Engineering 3D Tissue Test Systems provides an introduction to, and unique coverage of, a rapidly evolving area in biomaterials engineering. It reveals the current and future research responses, the current and future diagnostic applications, and provides a comprehensive overview to foster innovation. It offers insight into the importance of 3D systems and their use as benchtop models, spanning applications from basic scientific research to clinical diagnostics. Methods and limitations of building 3D tissue structures are evaluated, with attention given to the cellular, polymeric, and fabrication instrumentation components. The book covers the important aspects of polymeric tissue test systems, highlighting the needs and constraints of the industry, and includes a chapter on regulatory and pricing issues.

Karen J. L. Burg earned a B.S. in chemical engineering with a minor in biochemical engineering from North Carolina State University, an M.S. in bioengineering from Clemson University, and a Ph.D. in bioengineering with a minor in experimental statistics from Clemson University. She completed a tissue engineering postdoctoral research fellowship at Carolinas Medical Center in Charlotte, North Carolina, later serving as Clemson University Interim Vice Provost for Research & Innovation, Clemson University Interim Vice Provost and Dean of the Graduate School, and Kansas State University Vice President for Research. She is currently Harbor Lights Endowed Chair of Small Animal Medicine and Surgery at the University of Georgia and Hunter Endowed Chair Emerita at Clemson University. Karen is a past President of the Society For Biomaterials and past member of the Tissue Engineering and Regenerative Medicine International Society North American Council. She currently serves as a member of the Board of Directors for the National Academy of Inventors as well as a member of the College of Fellows Executive Board for the American Council on Education. Honors to Dr. Burg include the 2001 National Science Foundation Faculty Early Career Award, 2001 Presidential Early Career Award for Scientists and Engineers; she is an American Council on Education Fellow, a Fellow of the American Institute for Medical and Biological Engineering, a Fellow of the Biomedical Engineering Society, a Fellow of the National Academy of Inventors, and a Fellow of the International Union of Societies for Biomaterials Science and Engineering.

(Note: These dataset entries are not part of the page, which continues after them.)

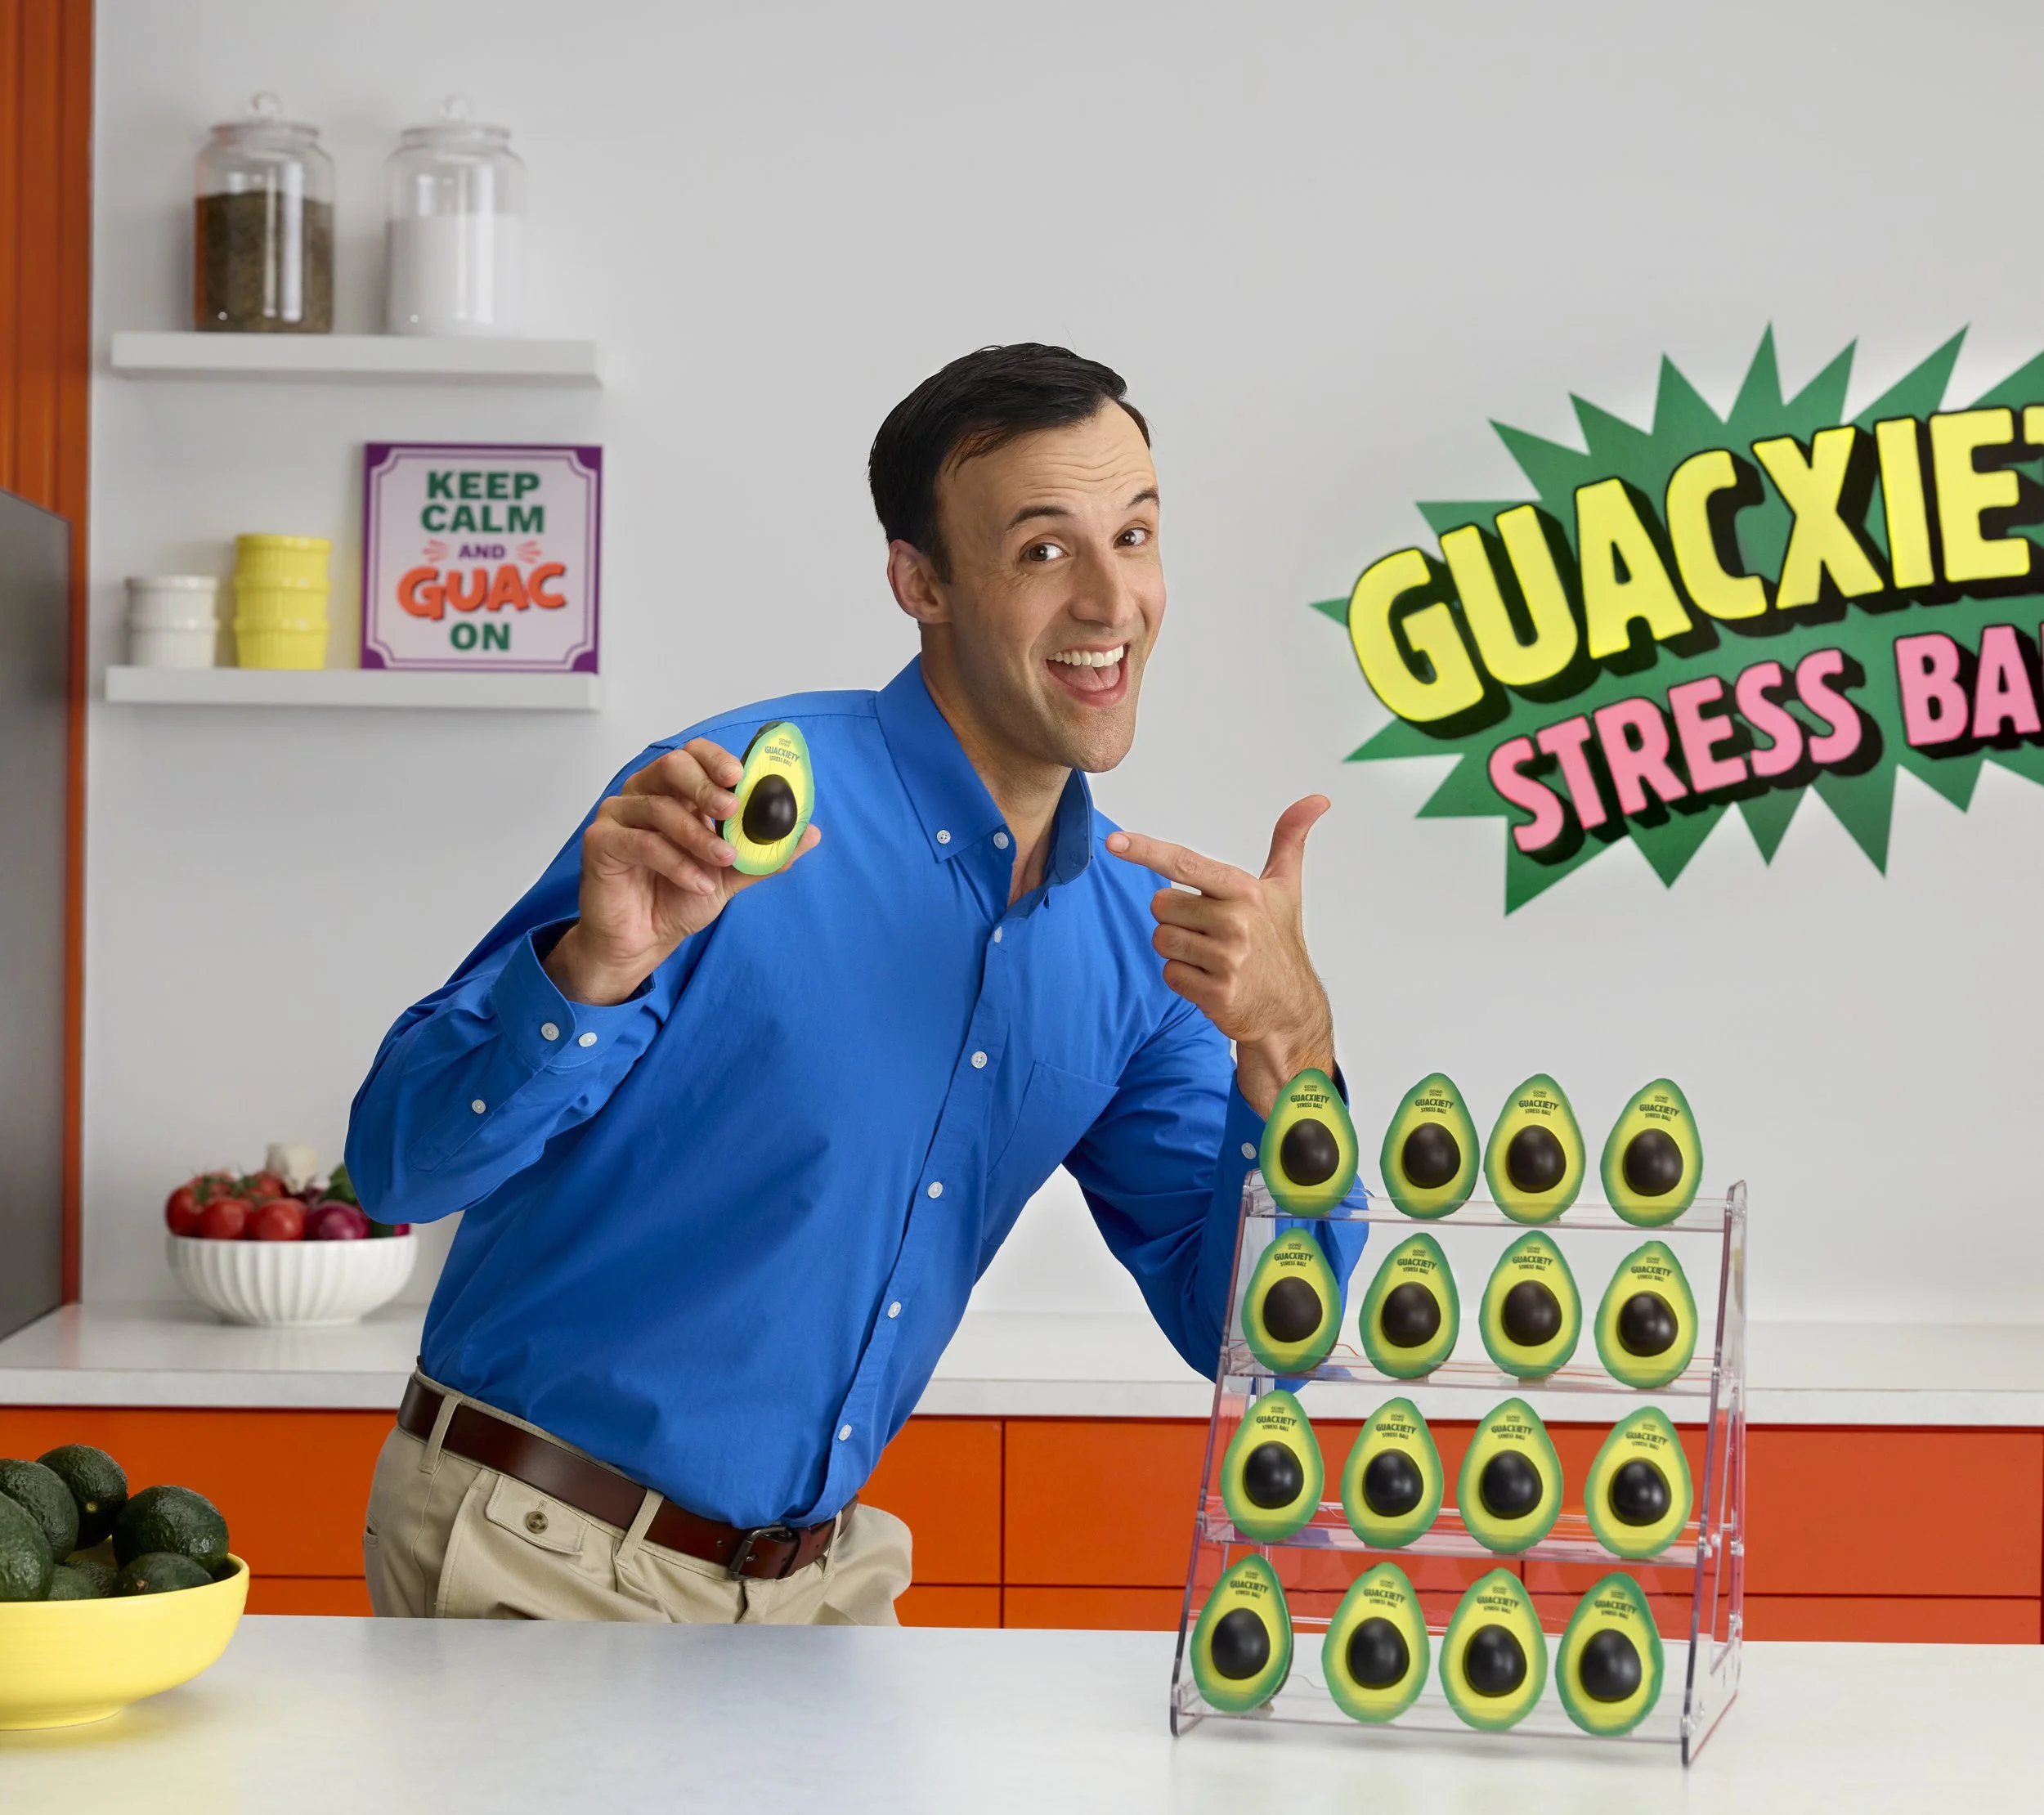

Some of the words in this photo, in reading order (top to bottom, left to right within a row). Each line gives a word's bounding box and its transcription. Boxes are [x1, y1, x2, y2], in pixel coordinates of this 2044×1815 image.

[427, 471, 540, 500] KEEP
[420, 504, 545, 533] CALM
[459, 544, 506, 559] AND
[1347, 406, 2044, 723] GUACXIE
[397, 562, 567, 621] GUAC
[450, 623, 510, 651] ON
[1486, 648, 1862, 853] STRESS
[1894, 622, 2044, 747] BA
[765, 746, 800, 762] GUACXIETY
[783, 759, 792, 767] BALL
[1290, 1094, 1329, 1104] GUACXIETY
[1415, 1099, 1454, 1109] GUACXIETY
[1519, 1100, 1558, 1110] GUACXIETY
[1639, 1105, 1680, 1116] GUACXIETY
[1274, 1253, 1313, 1262] GUACXIETY
[1513, 1256, 1553, 1266] GUACXIETY
[1397, 1259, 1437, 1269] GUACXIETY
[1631, 1266, 1672, 1276] GUACXIETY
[1256, 1416, 1297, 1426] GUACXIETY
[1376, 1424, 1416, 1434] GUACXIETY
[1491, 1425, 1533, 1434] GUACXIETY
[1625, 1432, 1668, 1445] GUACXIETY

Didier Dréau earned a B.S. in physiology and cell biology from Rennes I University (Rennes, France), an M.S. in Molecular and Cell Biology from Blaise Pascal University (Clermont-Ferrand, France) and a Ph.D. in Biochemistry, Molecular and Cell Biology with emphasis on Immunology from the Ecole Nationale Supérieure Agronomique (ENSA) de Rennes (France). Following his post-doctoral training in immunology and immunotherapy and serving as Research Scientist at Carolinas Medical Center, Dr. Dréau currently is an Associate Professor of Biology at the University of North Carolina at Charlotte. Dr. Dréau also serves as the Honors in Biological Sciences Program Director in the Department of Biological Sciences, and the Area Leader for the Applied Cancer Technology and Therapeutics in the Center for Biomedical Engineering and Science at the University of North Carolina at Charlotte. In addition to his teaching of cancer biology and physiology, Dr. Dréau, a member of the American Association for Cancer Research, serves on multiple granting agency review panels along with scientific journal editorial boards.

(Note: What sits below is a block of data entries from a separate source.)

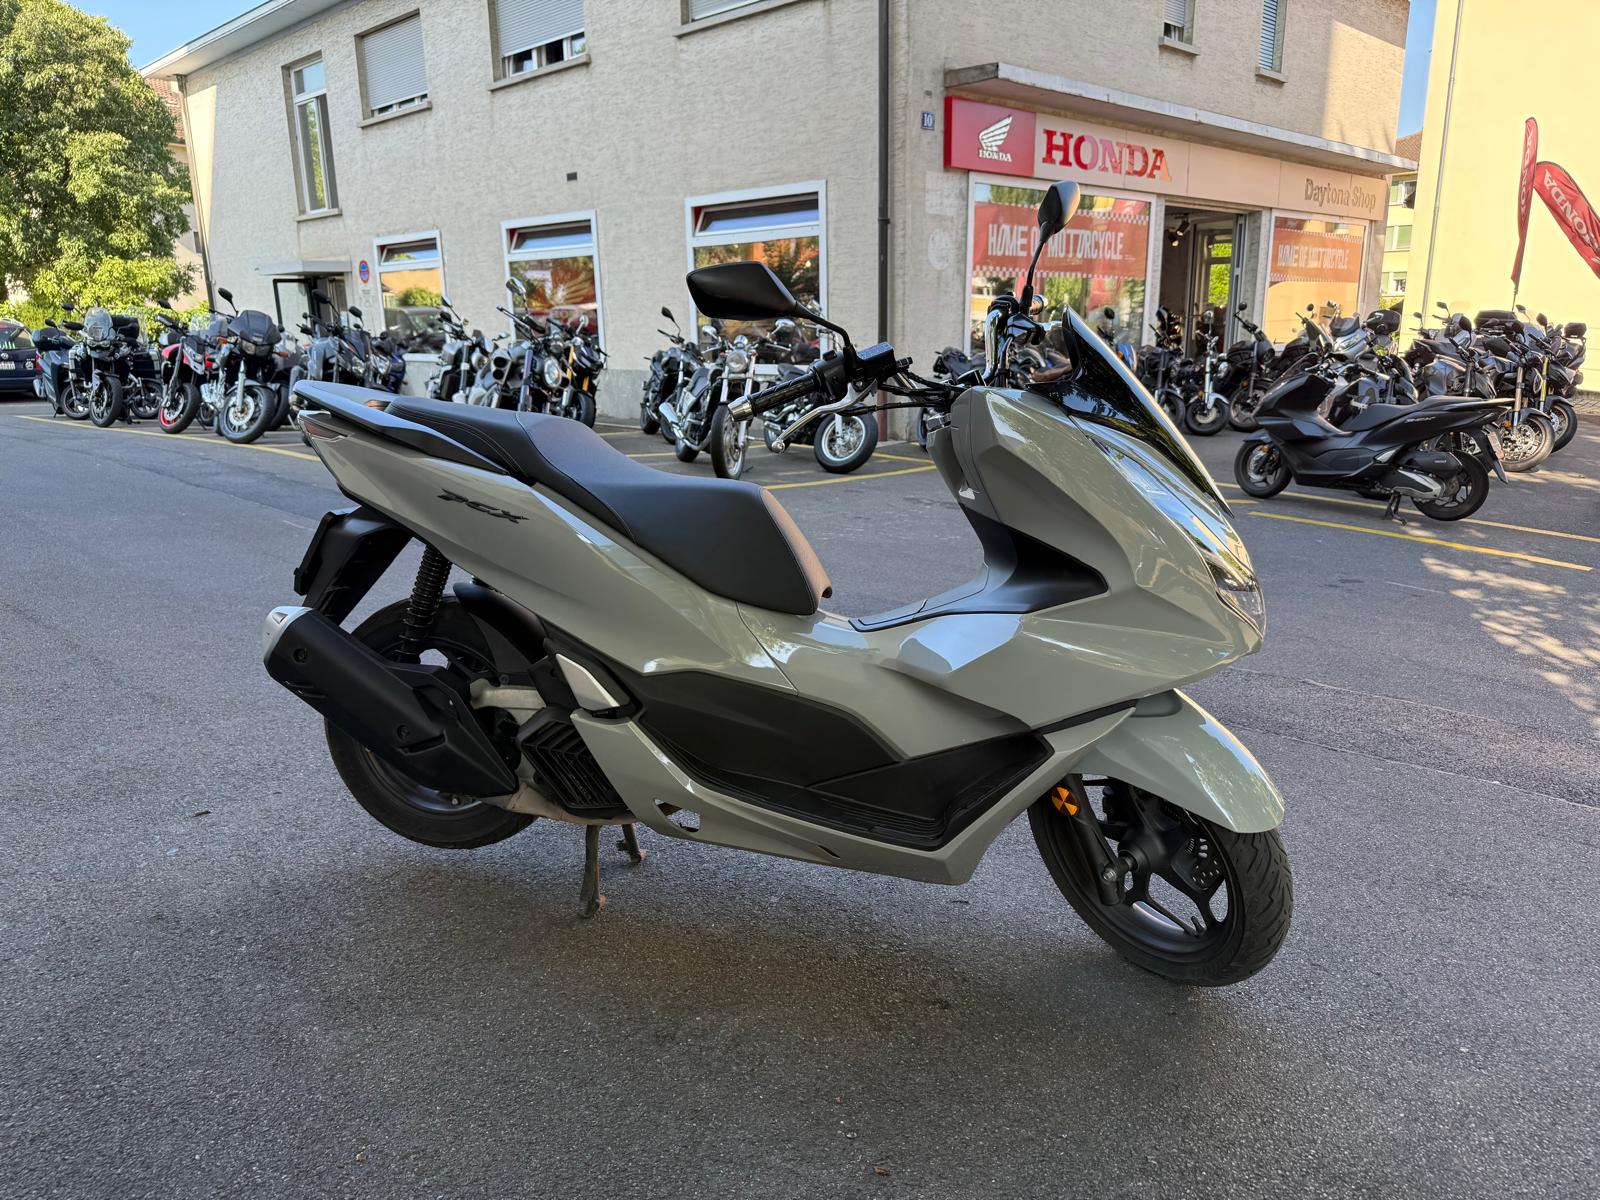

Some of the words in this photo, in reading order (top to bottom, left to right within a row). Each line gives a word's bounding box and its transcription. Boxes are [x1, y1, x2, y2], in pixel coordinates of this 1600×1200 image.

[923, 113, 933, 128] 10
[979, 149, 1013, 163] HONDA
[1042, 128, 1173, 182] HONDA
[1304, 178, 1351, 207] Daytona
[1352, 185, 1377, 213] Shop
[1030, 226, 1043, 258] O
[437, 488, 530, 525] PCX

Timothy Burg earned a B.S. in Electrical Engineering from the University of Cincinnati and an M.S. and Ph.D. in electrical engineering from Clemson University. He is currently Professor of Veterinary Biosciences & Diagnostic Imaging in the University of Georgia College of Veterinary Medicine and Director of the University of Georgia Office of Science, Technology, Engineering and Mathematics Education. Dr. Burg has extensive experience in industrial applications of robotics and nonlinear control design tools and the academic investigation of the basis and future directions of these techniques. Dr. Burg is working with students and other collaborators to build a unique biofabrication system that assembles tissues in an assembly line fashion. One component of this system, a bio-printer that uses ink-jet printing to place living cells, was developed during an US National Science Foundation grant. Dr. Burg strives to connect the exciting research at the university level with K-12 students.